De cette connexion, les Kogis ont tiré des calendriers et des méthodes. Point d’engrais, de pesticides ni de mécanisation : leur agriculture produit le strict nécessaire pour leur survie. Permaculteurs avant l’heure, ils ne sèment jamais une seule variété en un seul endroit, mais jouent sur les qualités des terrains, leur climat et leur exposition pour varier les cultures. Leurs plantes sont cultivées en association – « les bananiers protègent le maïs », par exemple. « Leurs chamanes repèrent aussi des points d’acupuncture dans la terre, qui les renseignent sur quoi faire, où et comment, complète Eric Julien. Ainsi, ils savent quelles zones ils peuvent exploiter et quelles autres il convient de ne pas toucher. » Et ils possèdent « tout un système de cristaux » de différentes formes et couleurs, qu’ils tiennent en main ou mettent en terre à certains endroits pour « équilibrer les énergies ».

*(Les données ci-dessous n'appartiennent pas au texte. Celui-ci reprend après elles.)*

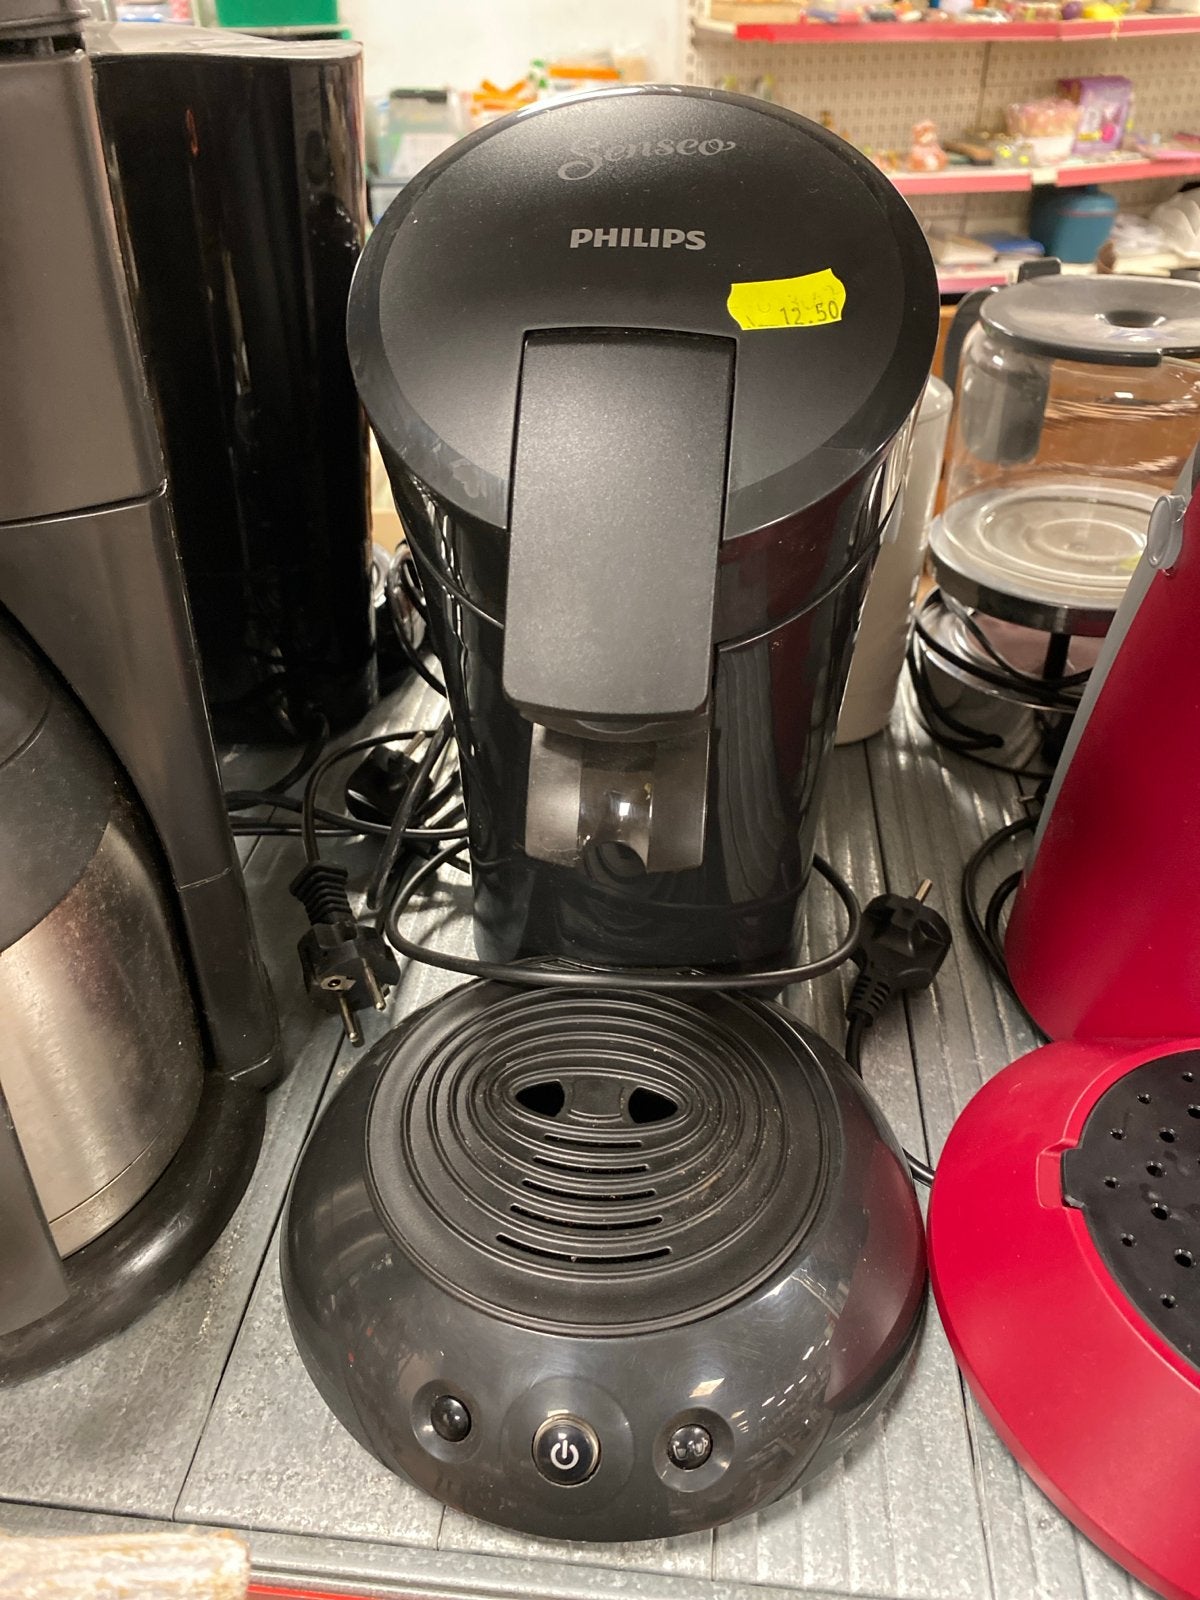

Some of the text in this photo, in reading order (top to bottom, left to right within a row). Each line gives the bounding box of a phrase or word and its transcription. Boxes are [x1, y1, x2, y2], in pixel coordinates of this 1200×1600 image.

[557, 137, 736, 180] Senseo
[570, 228, 707, 250] PHILIPS
[780, 300, 839, 325] 12.50
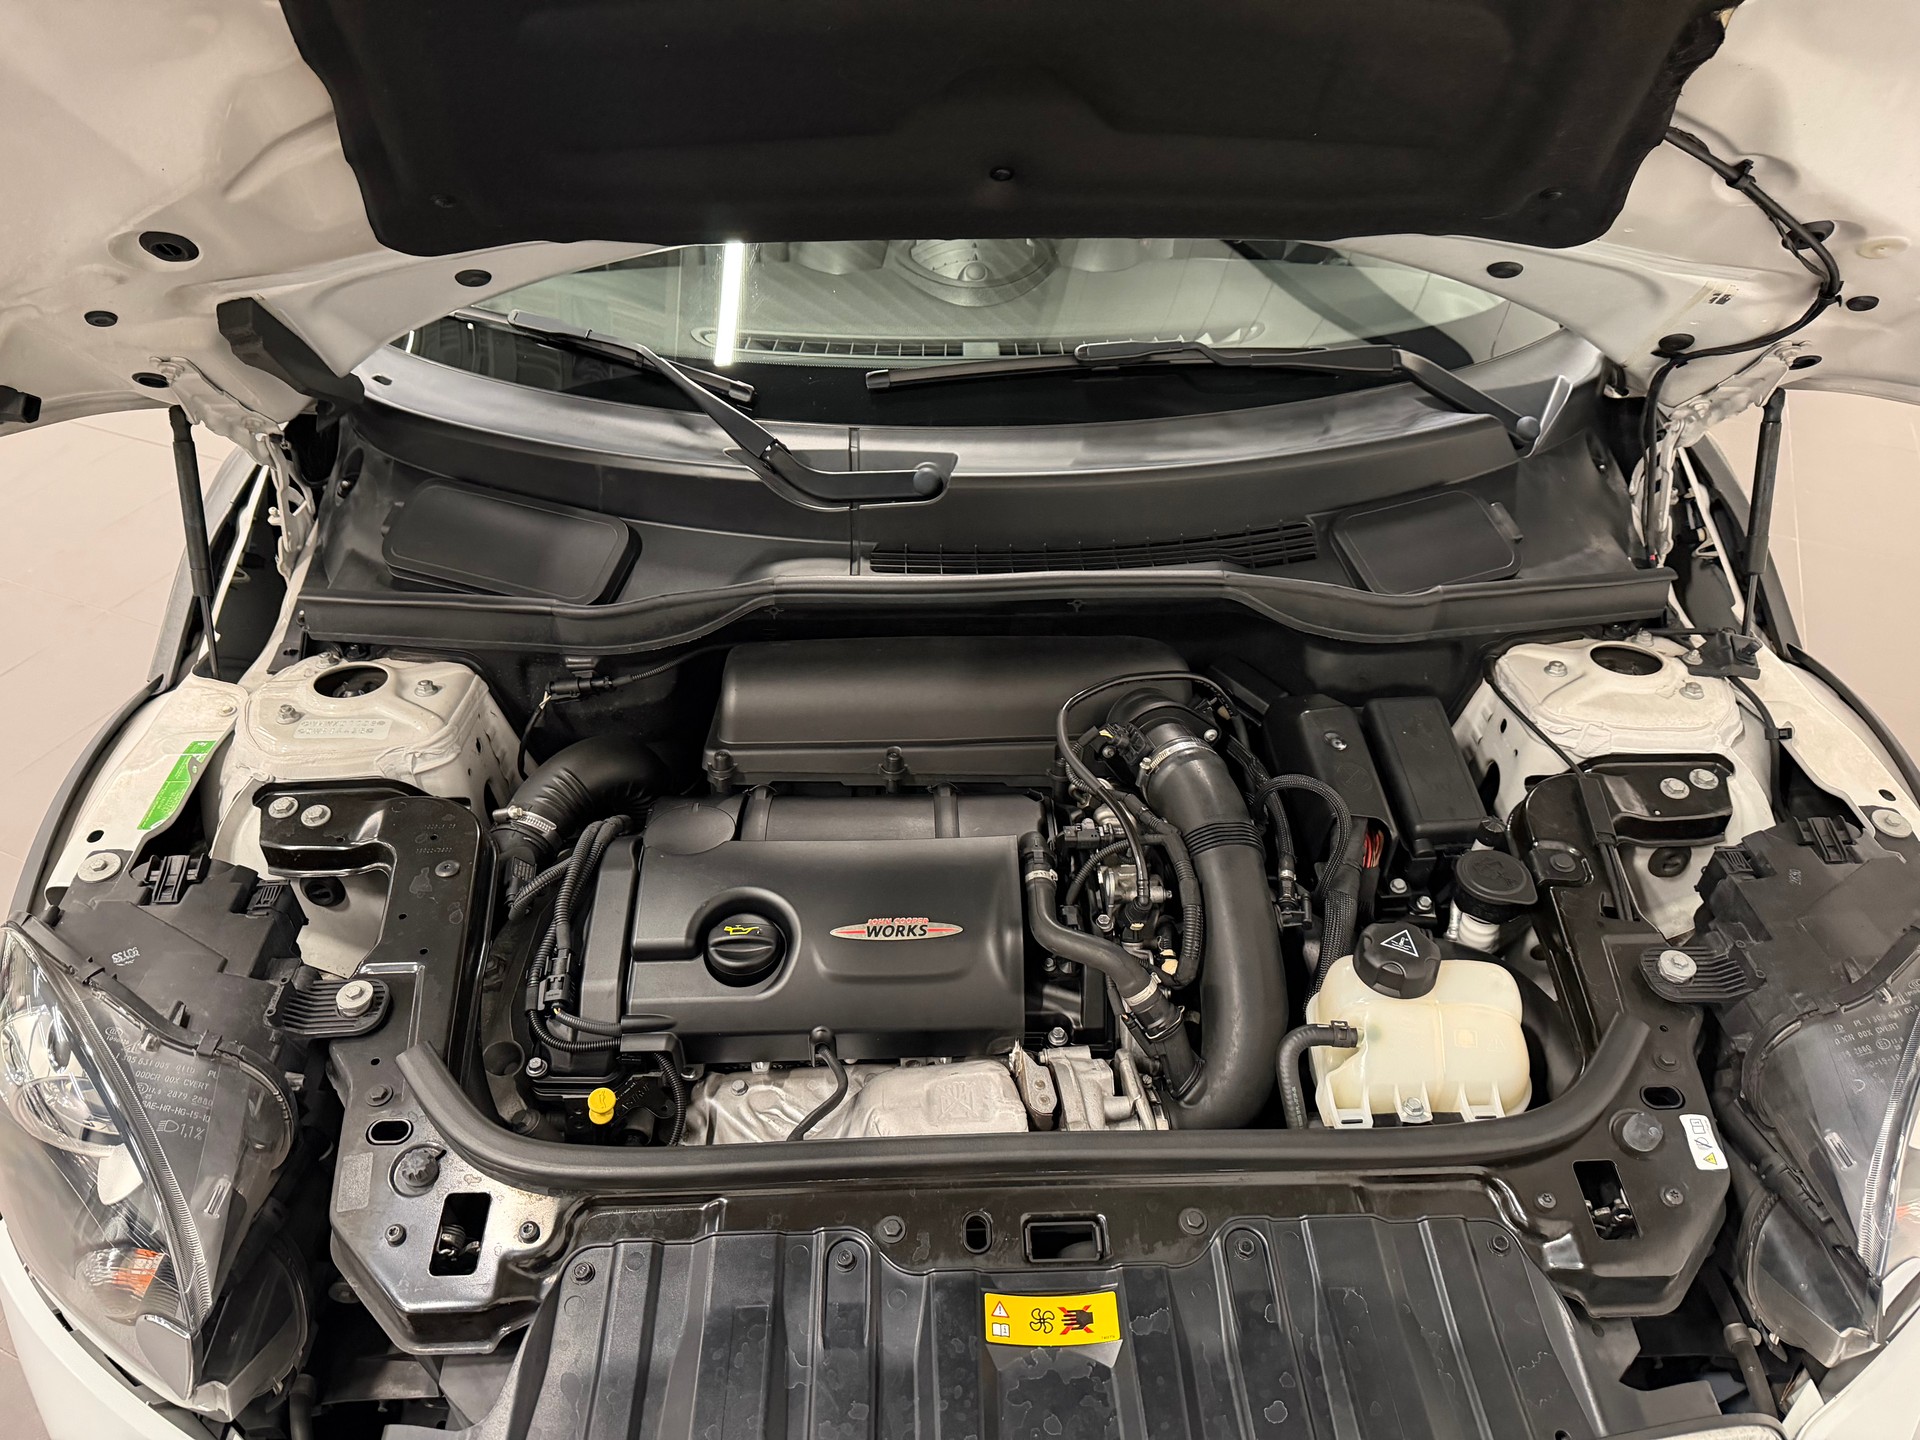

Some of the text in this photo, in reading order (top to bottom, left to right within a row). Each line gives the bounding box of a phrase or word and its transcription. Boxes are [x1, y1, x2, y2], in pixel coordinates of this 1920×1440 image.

[867, 917, 929, 925] JOHN COOPER
[866, 924, 928, 937] WORKS
[183, 1078, 210, 1091] CVERT
[167, 1090, 188, 1100] 2879
[180, 1122, 206, 1140] 1,1%
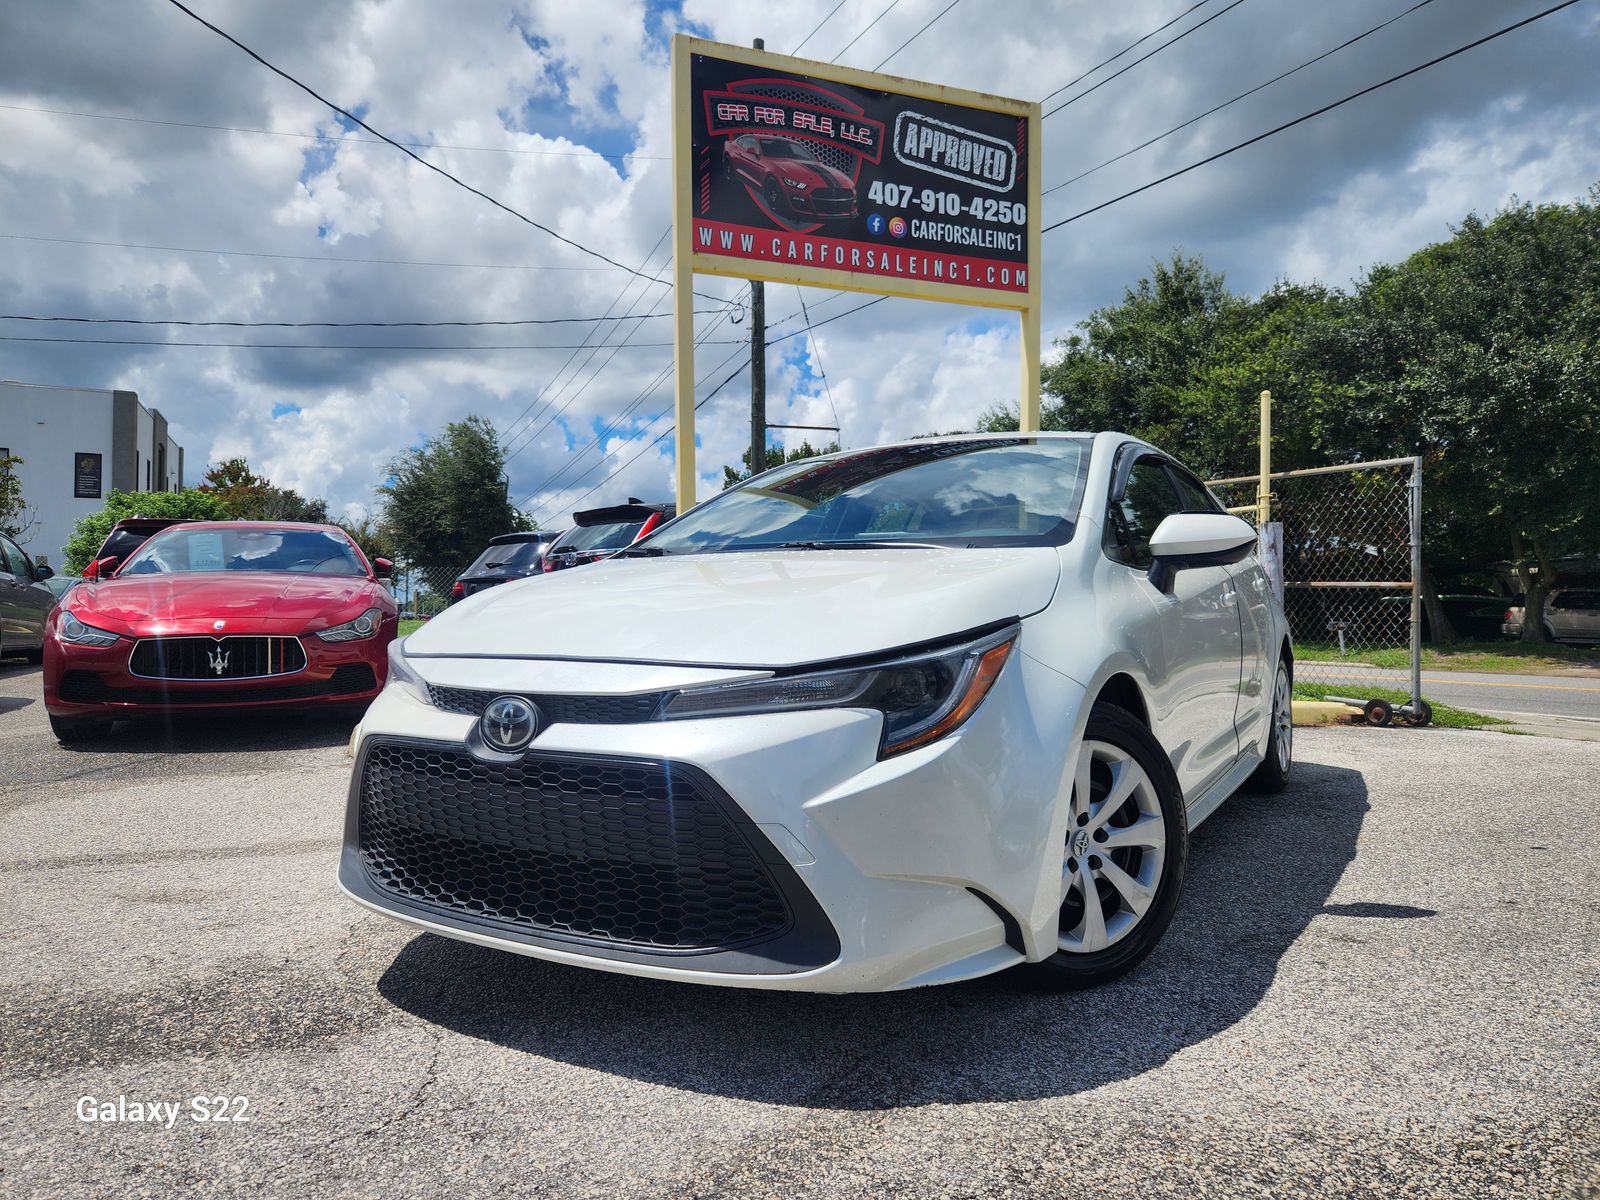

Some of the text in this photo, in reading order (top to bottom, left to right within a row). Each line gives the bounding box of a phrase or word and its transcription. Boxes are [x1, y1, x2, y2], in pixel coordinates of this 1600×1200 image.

A en croire le documentaire L’homme qui parle avec les plantes, le rendement des plants d’oignons de Don José Carmen, au Mexique, a atteint cent dix tonnes par hectare – alors qu’il est en moyenne, dans la région, de seize tonnes par hectare. Ses pieds de maïs sont montés jusqu’à cinq mètres de haut, ses choux pèsent quarante-cinq kilos… « Je suis persuadé que l’écologique ne pourra aboutir sans le spirituel, conclut le praticien chamanique Laurent Huguelit, auteur de Mère, l’enseignement spirituel de la forêt amazonienne. L’intention écologique actuelle est excellente, mais il faut qu’il y ait du cœur derrière… et le cœur est dans le spirituel. Dans nos sociétés, ce pont reste à construire – alors que dans les cultures traditionnelles, rien d’écologique ne se fait sans l’accord ni sans l’aide des esprits. C’est le jardinage du futur. »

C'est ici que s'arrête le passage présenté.